Comments from our Foolish Readers

Help us keep this a respectfully Foolish area! This is a place for our readers to discuss, debate, and learn more about the Foolish investing topic you read about above. Help us keep it clean and safe. If you believe a comment is abusive or otherwise violates our Fool's Rules, please report it via the Report this Comment Report this Comment icon found on every comment.

  • Report this Comment On May 19, 2014, at 3:25 PM, inmocean wrote:

    Todd Johnson at the dividendlab.com deserves major kudos for pinpointing this situation, and the whole field of proppant mining, months ago.

  • Report this Comment On May 19, 2014, at 4:36 PM, nittanyfan wrote:

    Even more kudo's to the posters over at ValueForum, who brought this stock up to its members about a year ago, many are up 400% on this one.

  • Report this Comment On May 21, 2014, at 7:51 PM, DrGoldin wrote:

    How does it compare to HCLP and SLCA?

  • Report this Comment On May 22, 2014, at 1:37 PM, AdamGalas wrote:

    I actually have articles out on those, but here's a brief comparison of the four main proppant makers.

    HCLP: high-yielding Frack sand MLP who's dominant position in the Marcellus shale makes it a great combo of income stock and dividend growth stock.

    SLCA: oldest frack sand maker, great customer relationships, strong growth, 1% yield, with strong potential to grow it, (analysts expecting that).

    EMES: the other frack sand MLP, this one with variable distribution, also high yielding (4-5%) with strong distribution growth prospects, (though lacking official guidance like HCLP).

    CRR: ceramic proppant maker.

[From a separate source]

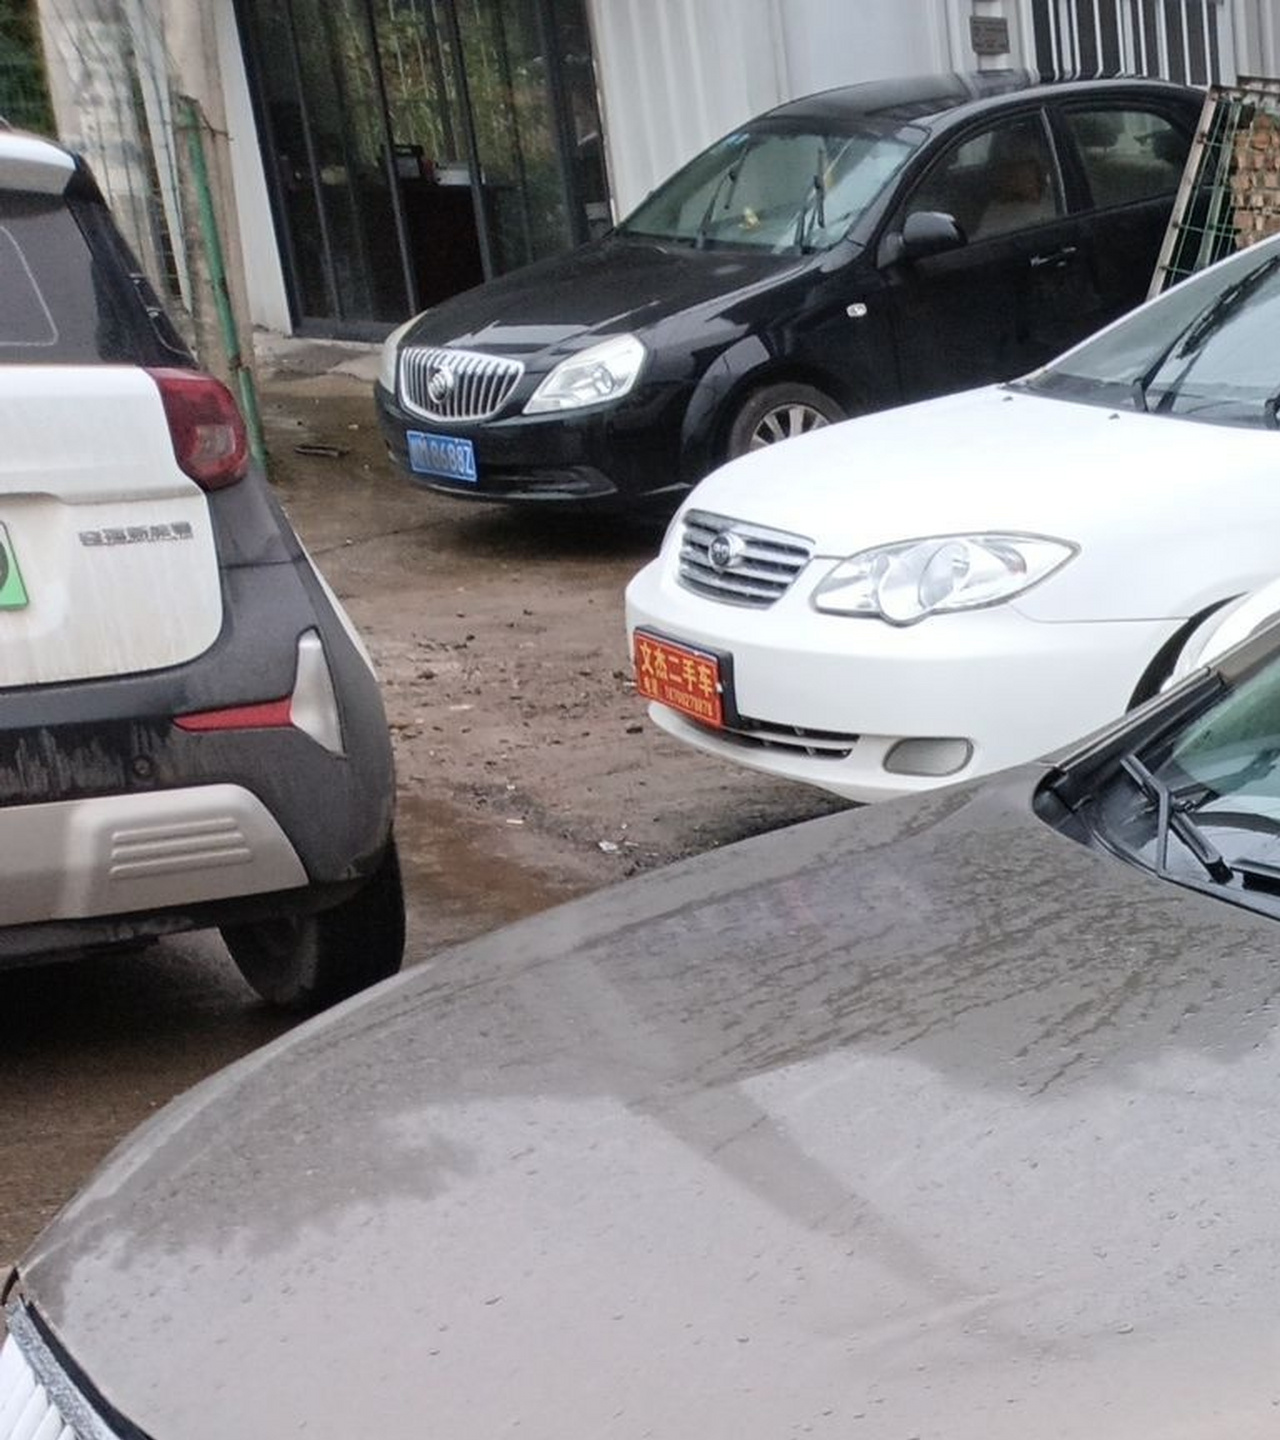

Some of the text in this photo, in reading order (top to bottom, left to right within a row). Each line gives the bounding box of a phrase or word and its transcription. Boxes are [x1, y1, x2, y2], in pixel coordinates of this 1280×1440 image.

[639, 641, 713, 698] 文杰二手车

Ceramic proppant leader. Ceramics are superior tech to sand, but more expensive and mainly used deeper, under higher pressure. 1% yield and a dividend achiever, (13 years of excellent dividend growth).

    As a high yield investor myself I would go with HCLP because of steadier, high yield with strong distribution growth potential.

    I also love CRR for its best of breed tech and dividend growth record. EMES, like all variable distribution MLPs can be bought when distributions are cut, which are great buying opportunities.

    SLCA? Well, its a great company and will likely do well, but I would say, my favorites, in order are:

    1. HCLP

    2. CRR

    3. EMES

    4. SLCA

    You can't go wrong with any of these, if your time horizon is long-enough and you are patient and buy the dips.